Party Brands and Candidate Communication
Perhaps the chief motivating assumption behind party-centered
theories of congressional lawmaking is that legislative parties grew out of
a need to serve members’ electoral goals. One of the core arguments
advanced by proponents of such theories is that the party label is a
collective good which provides members of Congress with a low-cost
means of signaling their preferences to the electorate (Groeling 2010,
21–22; Kiewiet and McCubbins 1991, 39–42; Snyder and Ting 2002,
91). In this way, party labels function as brands, providing voters with an
eff‌icient source of information about a party’s policies and performance.

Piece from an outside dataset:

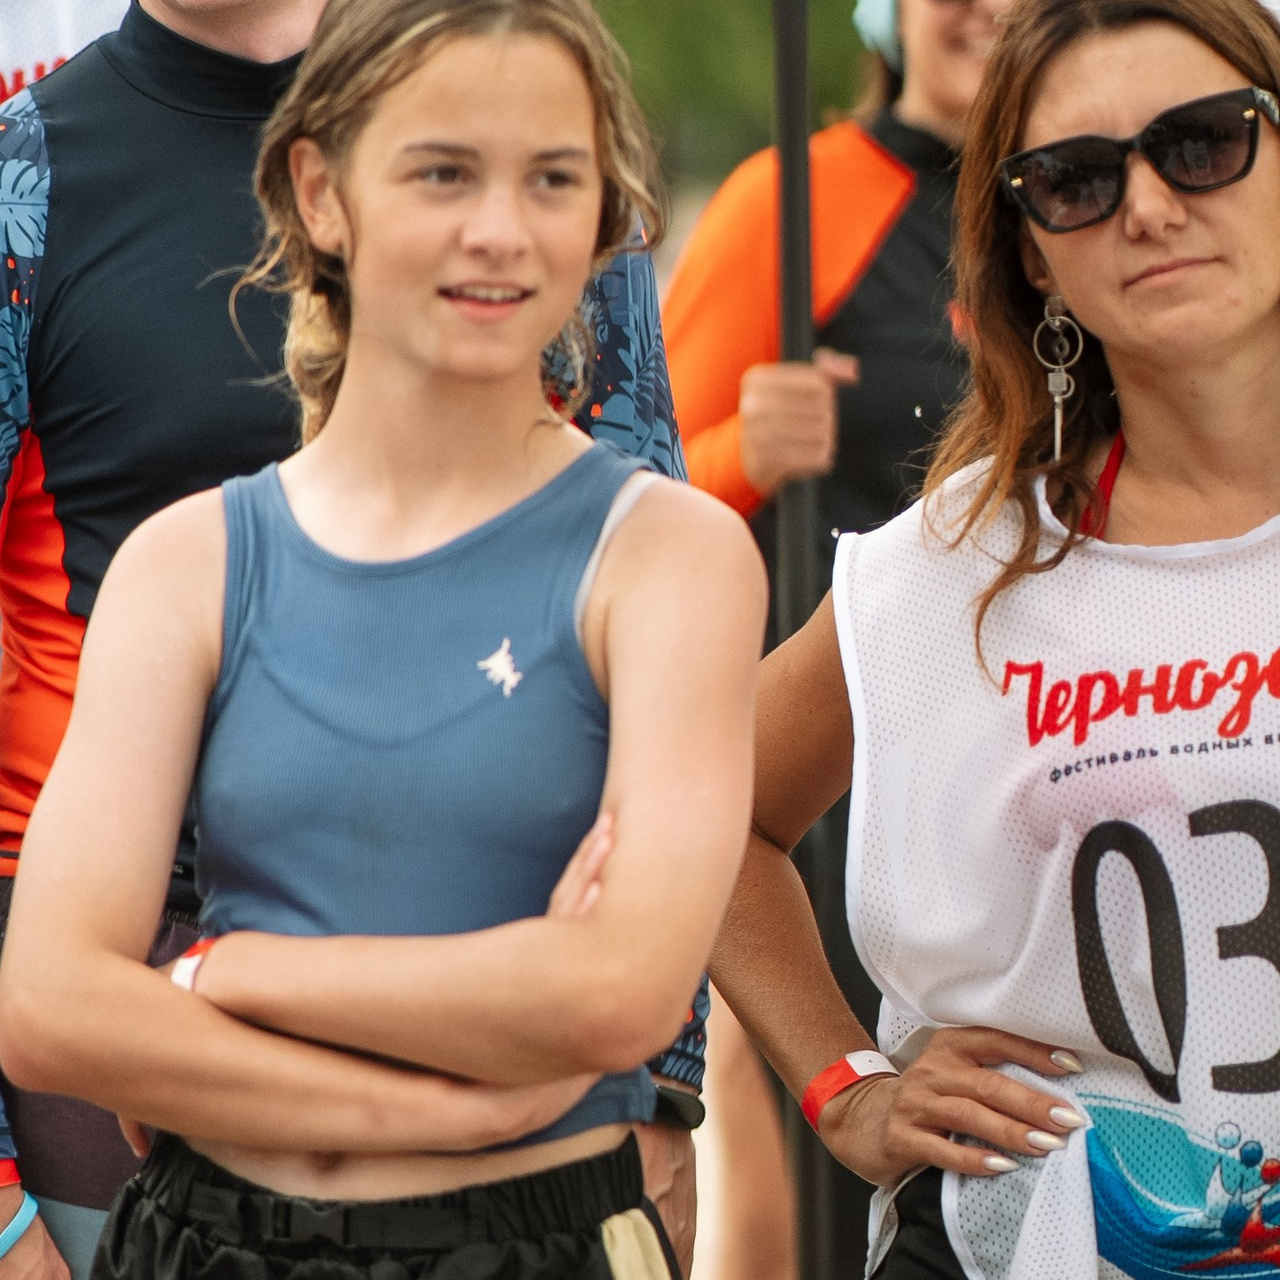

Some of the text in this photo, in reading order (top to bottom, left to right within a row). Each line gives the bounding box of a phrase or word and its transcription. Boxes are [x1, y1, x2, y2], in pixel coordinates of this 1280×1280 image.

Among the most outspoken critics of party government theories is
Keith Krehbiel, who has argued that, far from being a “treasured brand
name,” the party label is a “bad luck charm” from which legislators
attempt to distance themselves on the campaign trail (1998, 223; see also
Erikson, MacKuen, and Stimson 2002, 23; Groeling 2010, 17). It is not
altogether clear, however, that party government theories, such as those
forwarded by Cox and McCubbins (1993, 2005), necessitate that legis-
lators always cleave to their party label on the campaign trail. While
candidates concern themselves with the strength of their party’s brand
name heading into the elections, much as they might the state of the
national economy, party reputations likely exert a direct effect on the vote
regardless of whether individual candidates draw attention to their par-
tisan aff‌iliation on the campaign trail (see Cox and McCubbins 1993,
113; McGhee 2008, 734).
National forces, such as the state of the economy or the parties’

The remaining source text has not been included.